EXERCISE AIM: Please give all of the data again, character for character, and drop the pictures.

DATASET CONTENT:

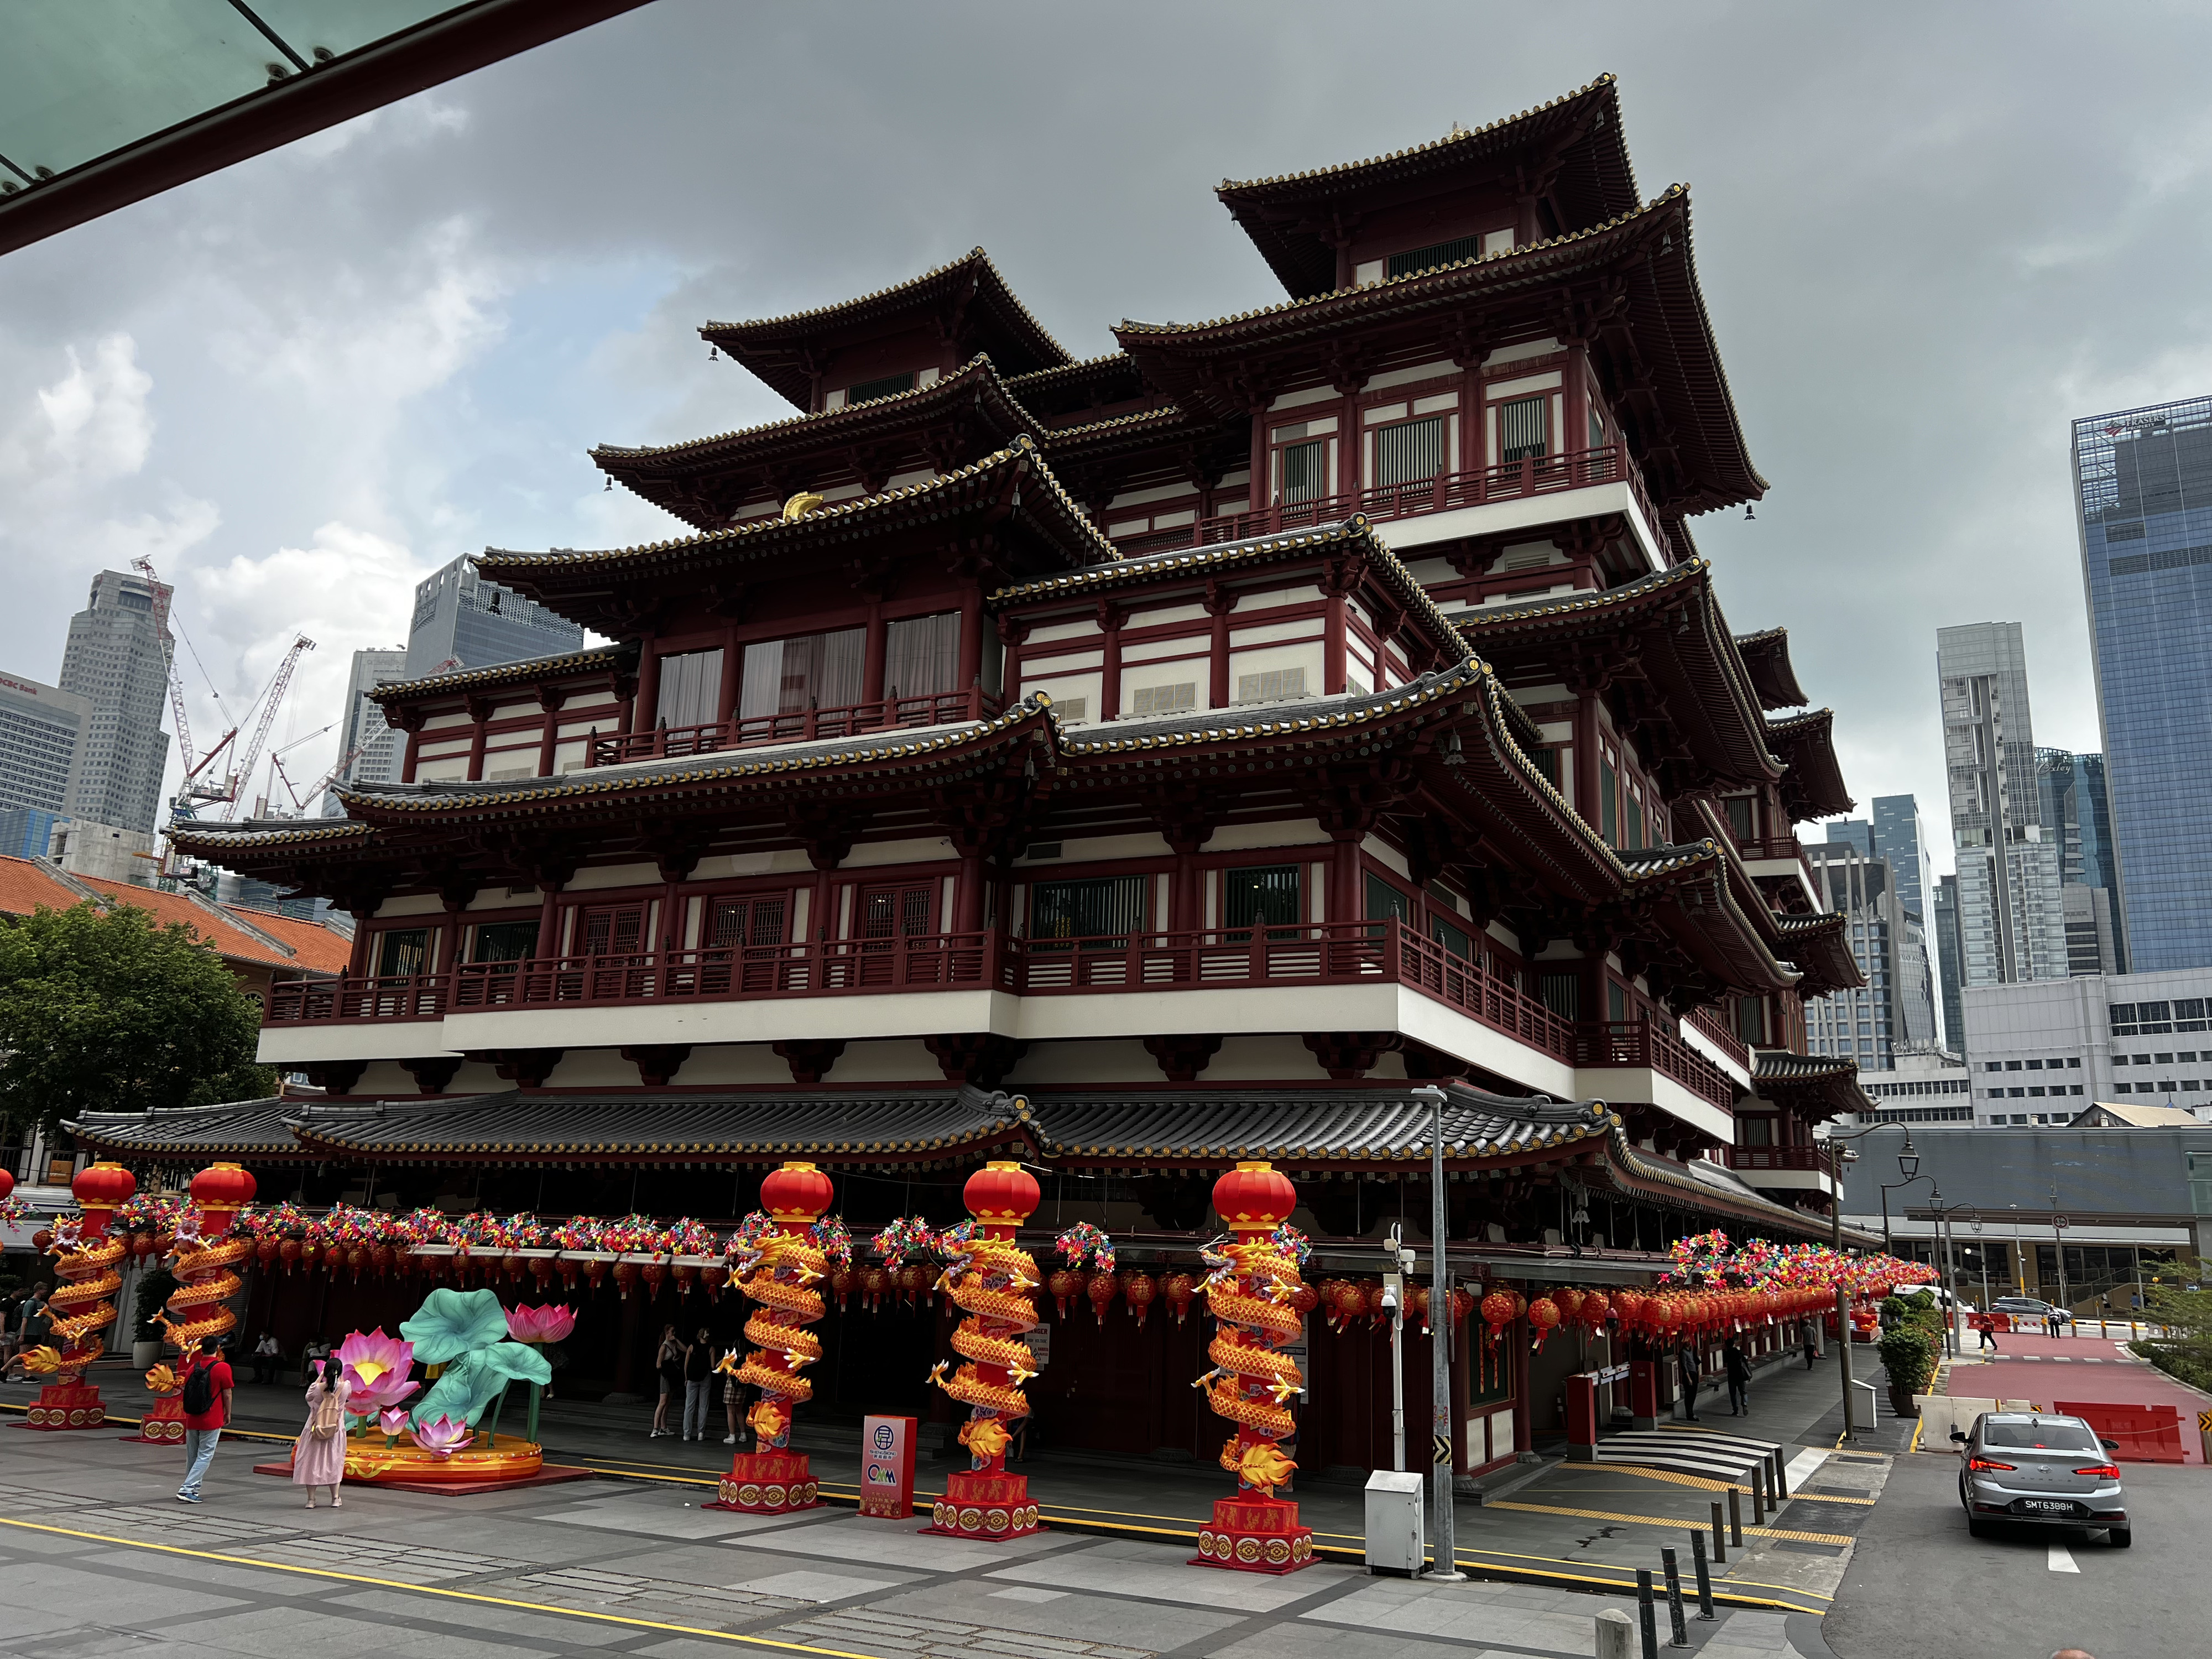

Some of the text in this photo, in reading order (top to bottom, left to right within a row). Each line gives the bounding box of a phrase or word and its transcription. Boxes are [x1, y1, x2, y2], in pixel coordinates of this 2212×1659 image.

[2126, 414, 2164, 426] FRASERS
[2127, 422, 2155, 431] PROPERTY
[19, 684, 38, 695] Bank
[2037, 761, 2071, 775] Oxley

FINISHED EXERCISE:
Some of the text in this photo, in reading order (top to bottom, left to right within a row). Each line gives the bounding box of a phrase or word and its transcription. Boxes are [x1, y1, x2, y2], in pixel coordinates of this 2212×1659 image.

[2126, 414, 2164, 426] FRASERS
[2127, 422, 2155, 431] PROPERTY
[19, 684, 38, 695] Bank
[2037, 761, 2071, 775] Oxley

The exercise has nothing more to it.